Task prompt:
No picture belongs in the copy. Repeat each line below exactly.

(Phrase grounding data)
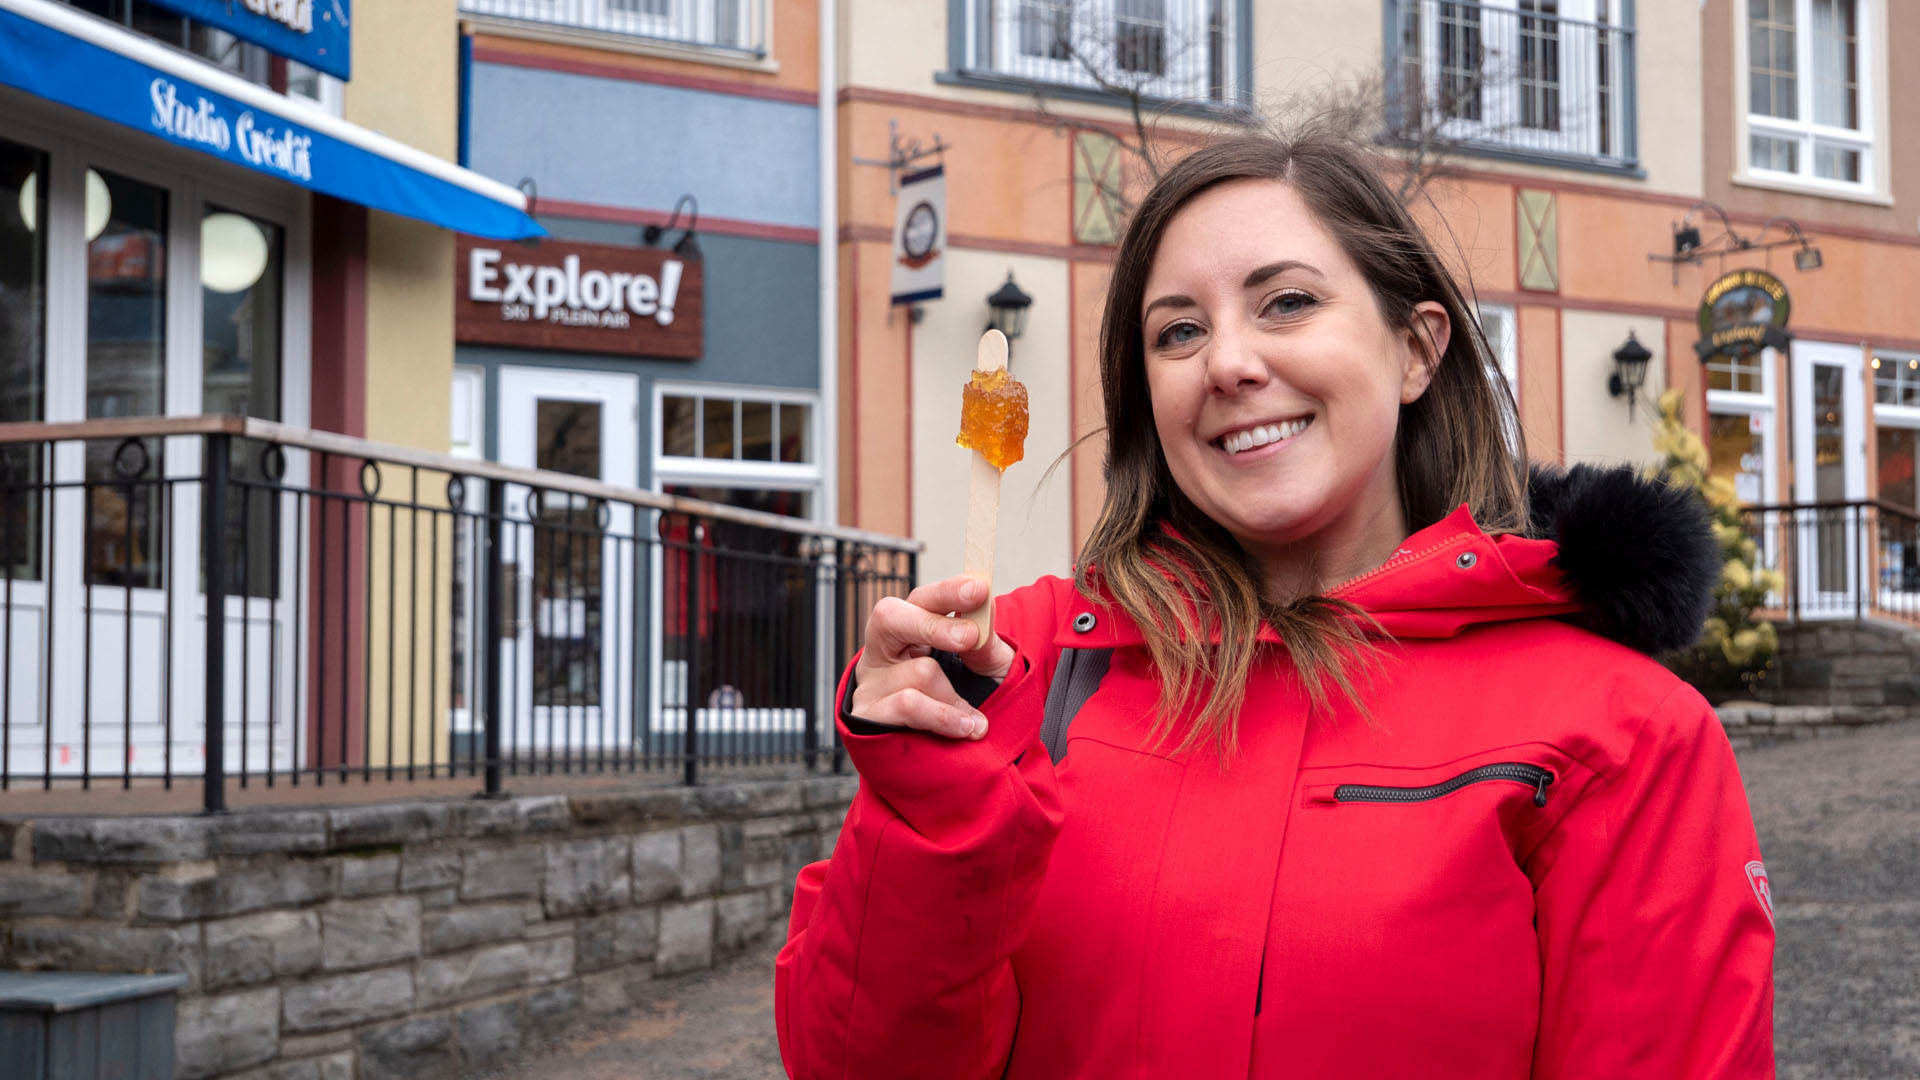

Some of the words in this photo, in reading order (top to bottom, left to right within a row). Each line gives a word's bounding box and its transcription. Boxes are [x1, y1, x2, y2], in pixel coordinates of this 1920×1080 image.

[151, 78, 230, 152] Studio
[470, 248, 683, 326] Explore!
[502, 303, 530, 321] SKI
[550, 307, 599, 327] PLEIN
[600, 311, 630, 329] AIR
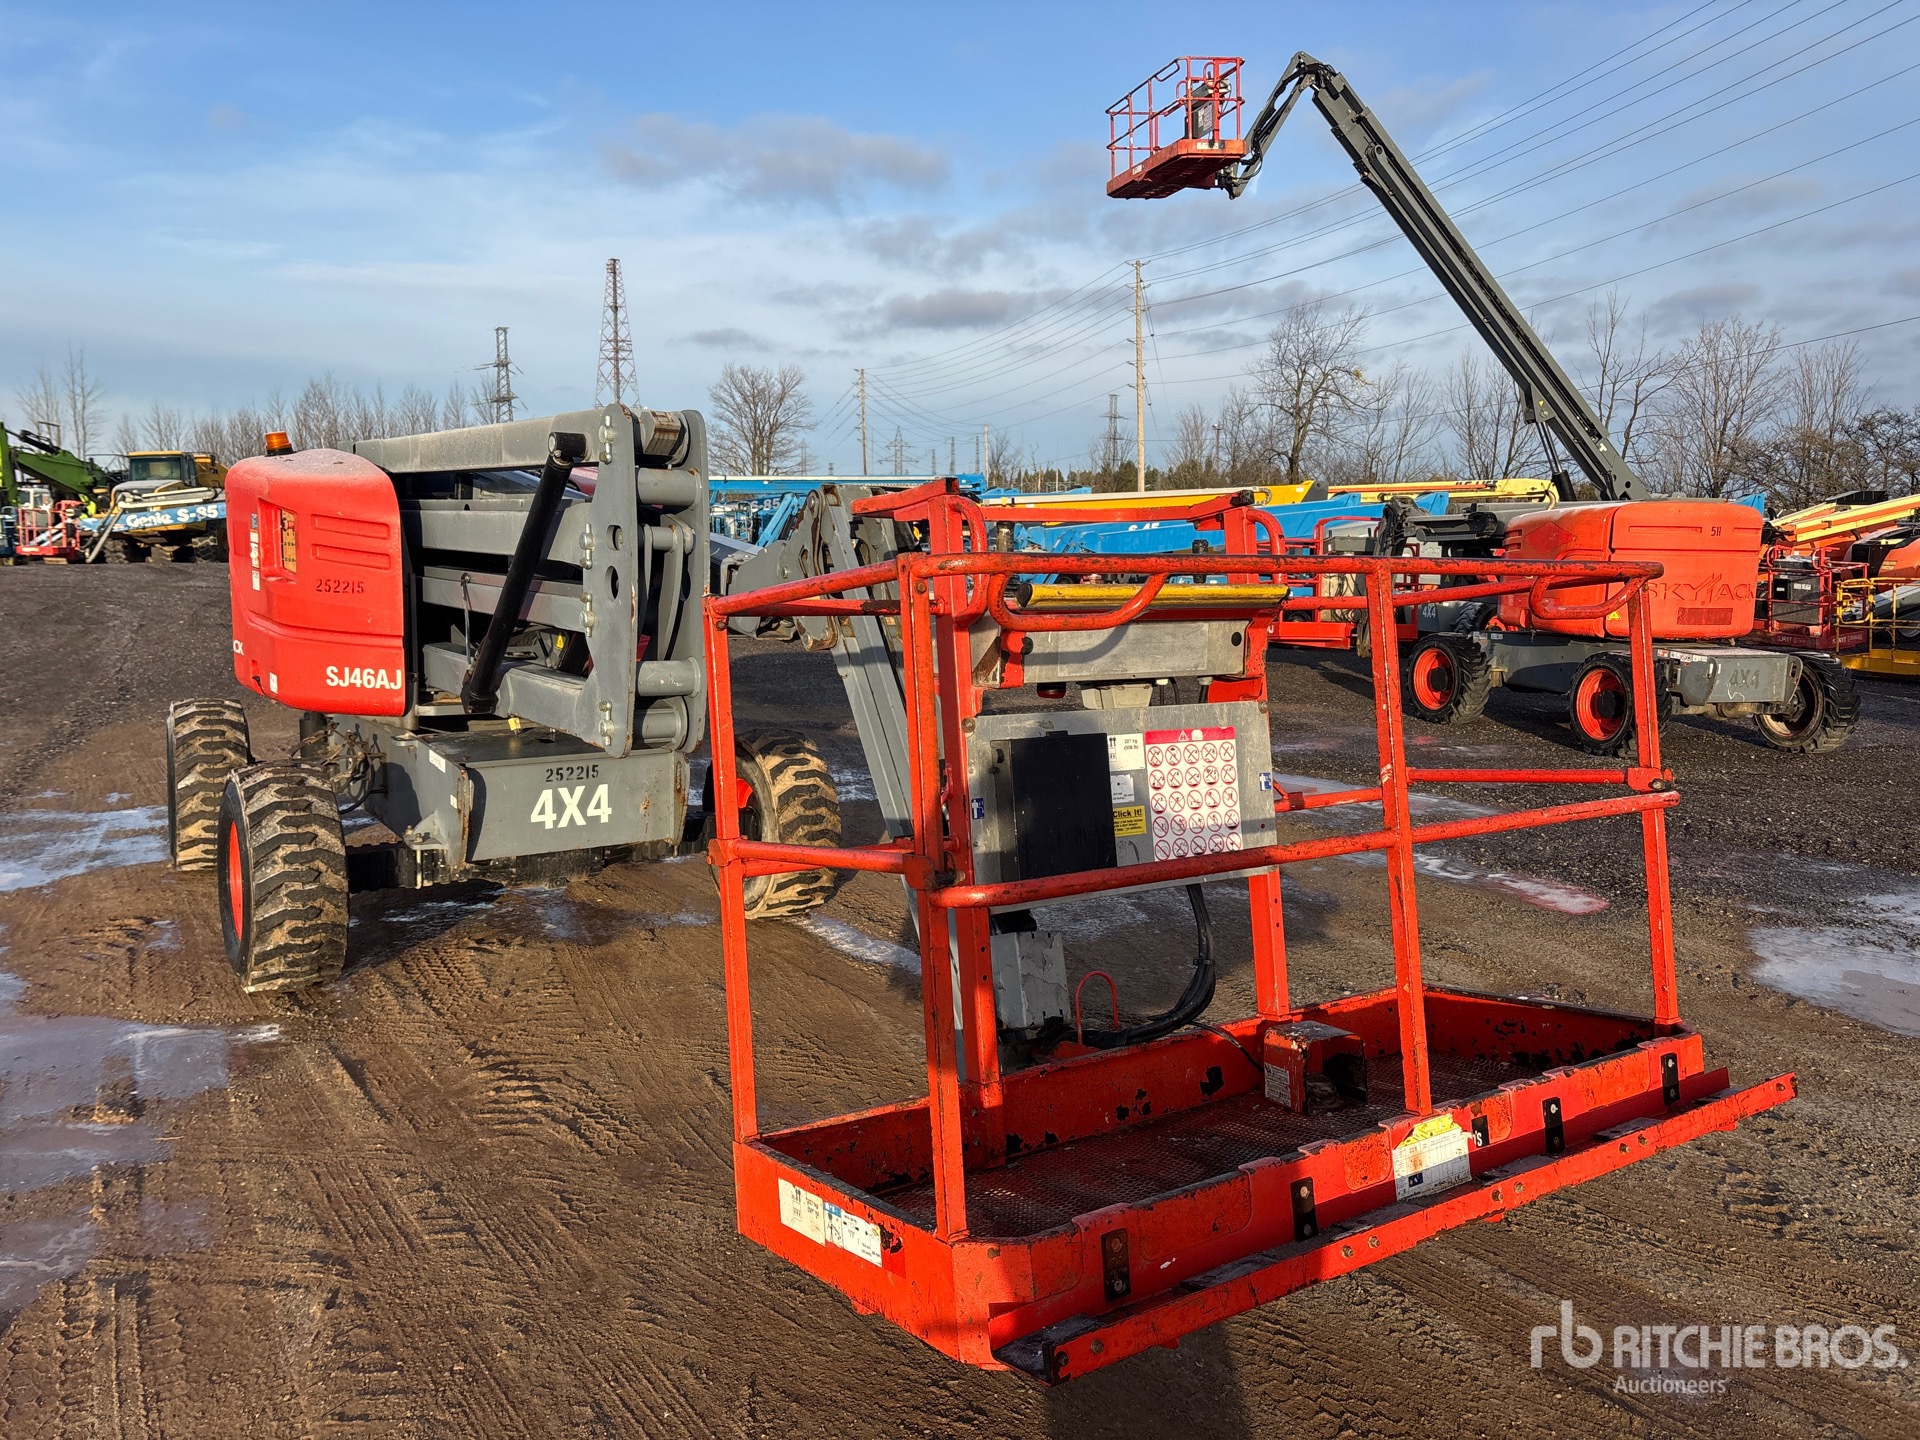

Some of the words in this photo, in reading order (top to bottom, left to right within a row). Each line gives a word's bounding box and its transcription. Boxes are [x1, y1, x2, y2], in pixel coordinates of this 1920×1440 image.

[126, 512, 174, 527] Genie
[177, 505, 218, 522] S-85
[315, 579, 365, 594] 252215
[326, 665, 402, 690] SJ46AJ
[545, 765, 600, 782] 252215
[530, 783, 613, 830] 4X4
[1113, 810, 1132, 818] Click

Answer to this task:
Some of the words in this photo, in reading order (top to bottom, left to right within a row). Each line gives a word's bounding box and its transcription. Boxes are [x1, y1, x2, y2], in pixel coordinates of this 1920×1080 image.

[151, 78, 230, 152] Studio
[470, 248, 683, 326] Explore!
[502, 303, 530, 321] SKI
[550, 307, 599, 327] PLEIN
[600, 311, 630, 329] AIR

Some of the words in this photo, in reading order (top to bottom, left to right within a row). Each line gives a word's bounding box and its transcription. Boxes are [x1, y1, x2, y2], in pixel coordinates of this 1920×1440 image.

[126, 512, 174, 527] Genie
[177, 505, 218, 522] S-85
[315, 579, 365, 594] 252215
[326, 665, 402, 690] SJ46AJ
[545, 765, 600, 782] 252215
[530, 783, 613, 830] 4X4
[1113, 810, 1132, 818] Click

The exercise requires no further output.